I am not trying to frighten you like a slasher-film schlockmeister, but the private-credit situation is scary. The dam could break in weeks, days, or months, and if it does, many tech companies — including those you might think are immune from the effects — will be impacted. If your portfolio is heavily weighted toward tech, as is likely given the disposition of major funds and many ETFs, you might want to diversify toward more prosaic investment vehicles. Just as you seek an uneventful flight, you probably want to avoid the protracted and stomach-churning turbulence of what appears to await us on the markets.


AI apparently has a lot in common with many people: it identifies extraterrestrial life where it does not exist. From a recent article in Popular Science:

In recent years, many researchers—including some at NASA—have advocated incorporating machine learning and artificial intelligence in their search for organisms beyond Earth. Some of these approaches may show promise, but new research indicates much of today’s AI is even more easily duped by false positives than their human operators. 
“No matter what sequence of commands we started with, we were able to fool the AI 100 percent of the time,” Ankit Gupta, a Michigan State University (MSU) computer science engineer, said in a statement.”

AI’s Pattern Misclassifications, Meta’s Creepy Glasses

You might excuse AI for its shortcomings in extraterrestrial identification, but these inaccuracies have profound implications. AI’s susceptibility to misclassify patterns, described as an “Achilles' heel” in the article, results in potentially serious false positives in realms such as facial-recognition software, self-driving vehicle, and medical imaging. Ankit Gupta, who is quoted above, concludes the article by saying that humans need to be in the loop to confirm the veracity of AI’s work. This seems sage advice, but it does diminish the value proposition of push-button AI autonomy that many vendors are selling.

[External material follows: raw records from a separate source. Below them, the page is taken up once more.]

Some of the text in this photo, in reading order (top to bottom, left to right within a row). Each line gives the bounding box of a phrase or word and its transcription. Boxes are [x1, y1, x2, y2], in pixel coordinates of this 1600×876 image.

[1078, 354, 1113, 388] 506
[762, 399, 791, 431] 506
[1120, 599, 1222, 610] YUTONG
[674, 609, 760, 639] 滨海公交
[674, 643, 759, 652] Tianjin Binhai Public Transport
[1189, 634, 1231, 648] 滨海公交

I suppose the advent of AI doesn’t mean that Meta has given up entirely on the creepy surveillance dystopia of the metaverse. The company seems determined not only to kill the last vestiges of privacy, but to drive a stake through the corpse’s heart. I don’t know about you, but I don’t want Meta or the social-media masses to see and hear surreptitiously recorded private conversations and interactions. Meta has also demonstrated repeatedly that it is not to be trusted with wearables, as the following excerpt from this TechCrunch article notes:

All the while, the company is facing multiple investigations and lawsuits over Meta AI glasses privacy violations. One lawsuit comes after Meta notably canceled a contract with an outsourced tech firm after some of its Kenyan workers alleged they had to view graphic content, like sex, nudity, and people using the toilet, while training Meta’s AI using people’s Meta AI glasses’ videos.
These are hardly Meta’s first scrapes with privacy violations or safety measures, either.
Arguably, Meta’s reputation on privacy has been tainted for years after numerous leaks and lost lawsuits about its alleged lack of child safety measures and desire for growth at all costs. There are books by whistleblowers documenting its alleged abuses, not to mention previous large-scale privacy disasters, like the Cambridge Analytica data scandal and others.

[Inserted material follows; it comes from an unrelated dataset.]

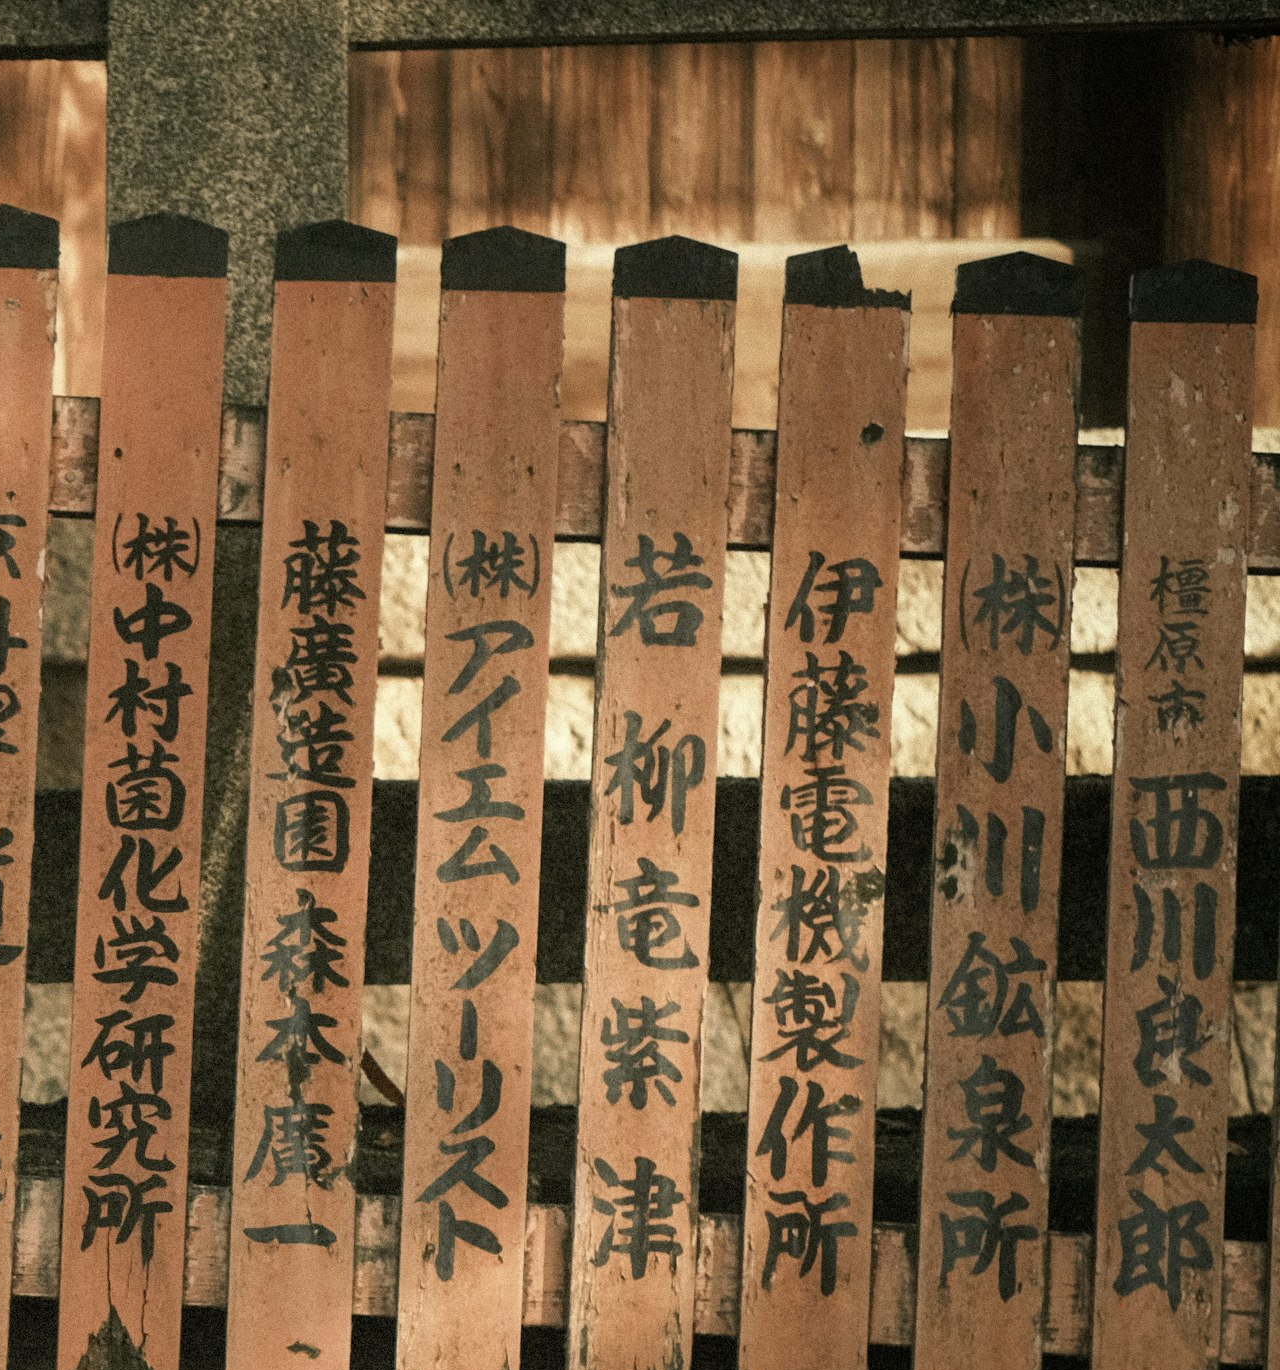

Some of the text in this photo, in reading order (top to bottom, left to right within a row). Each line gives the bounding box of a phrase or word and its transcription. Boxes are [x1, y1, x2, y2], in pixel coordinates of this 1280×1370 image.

[754, 550, 883, 1297] 伊藤電機製作所

While I concede that change is always possible and that past performance is not a guarantee of future results, the well-documented form in Meta’s privacy-and-trust book does not inspire confidence.


I am merely one of many who foresaw that Chinese companies would inevitably seek to reduce, if not eliminate, their dependence on U.S. technology. It’s the only logical response to export restrictions and threats of crippling supply embargoes. As such, it should come as no surprise to learn that DeepSeek is developing its own inference chips.

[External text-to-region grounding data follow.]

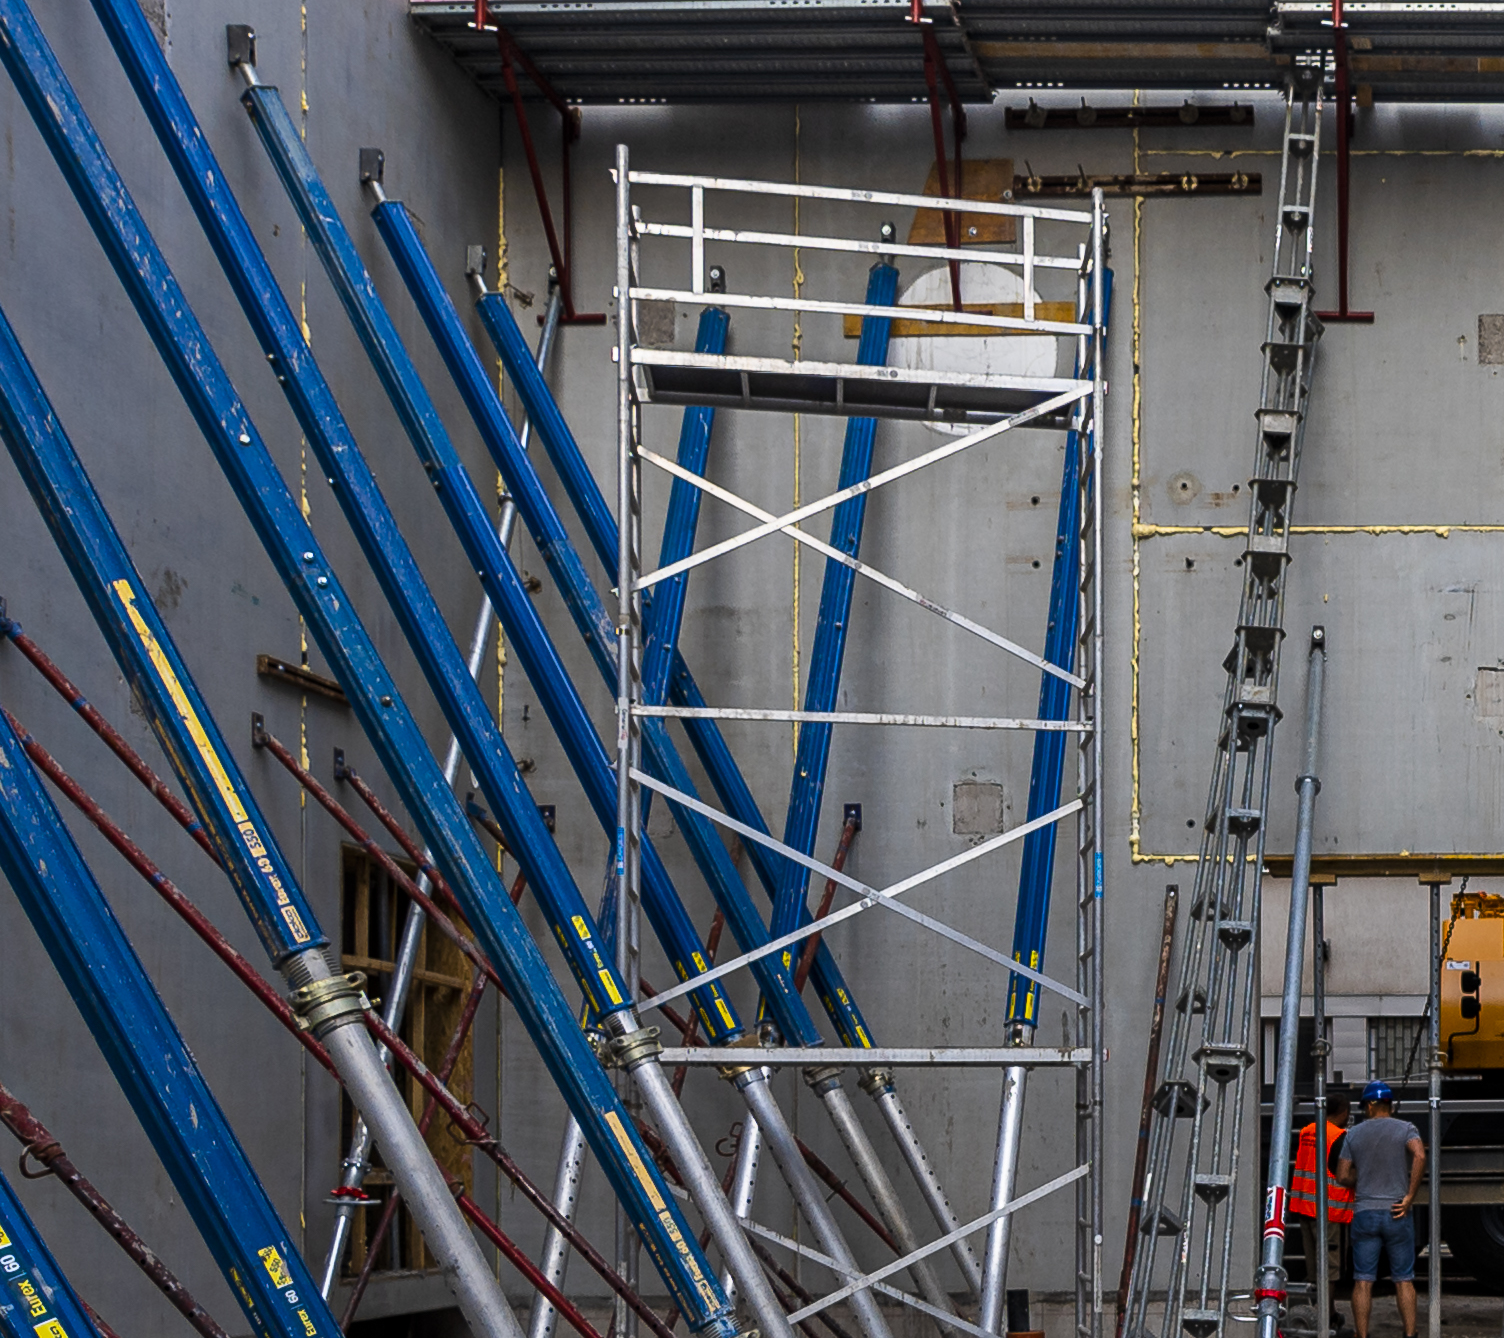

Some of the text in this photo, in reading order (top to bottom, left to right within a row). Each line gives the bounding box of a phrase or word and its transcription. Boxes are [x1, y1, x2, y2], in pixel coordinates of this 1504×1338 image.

[242, 827, 263, 850] 550
[0, 1254, 20, 1273] 60
[17, 1279, 47, 1318] Eurex
[284, 1289, 299, 1304] 60
[297, 1309, 318, 1337] Eurex

ChatGPT Goes to Work, Agentic AI Engulfs the All-You-Can-Eat Energy Buffet

In other news, OpenAI has launched ChatGPT Work, the last word presumably added to distinguish it from ChatGPT Just Screwing Around. The enterprise journey will now deliberate on whether the all-in cost of ChatGPT Work, including proliferating token taxes, is equal to or surpasses the output it produces. The verdict will be a fateful one, and not just for ChatGPT.

Chatbots are last year’s model, to paraphrase Elvis Costello, and agentic AI is now all the rage. But did you know that agentic AI’s appetite for energy makes genAI chatbots look like abstemious monks? An article in Gizmodo, citing research from the Korea Advanced Institute of Science and Technology, suggests that AI agents can consume up to 136.5 times more energy per query than generative AI models. The article offers an explanation for the stark energy-consumption discrepancy:

Typically, LLM requests are a call-and-response: a person enters a query, and the model responds. But agentic AI typically requires multiple steps to execute a command. To do that, the researchers said, the agent must continuously ping its model to generate a new response as it reasons through all of the steps of its given task.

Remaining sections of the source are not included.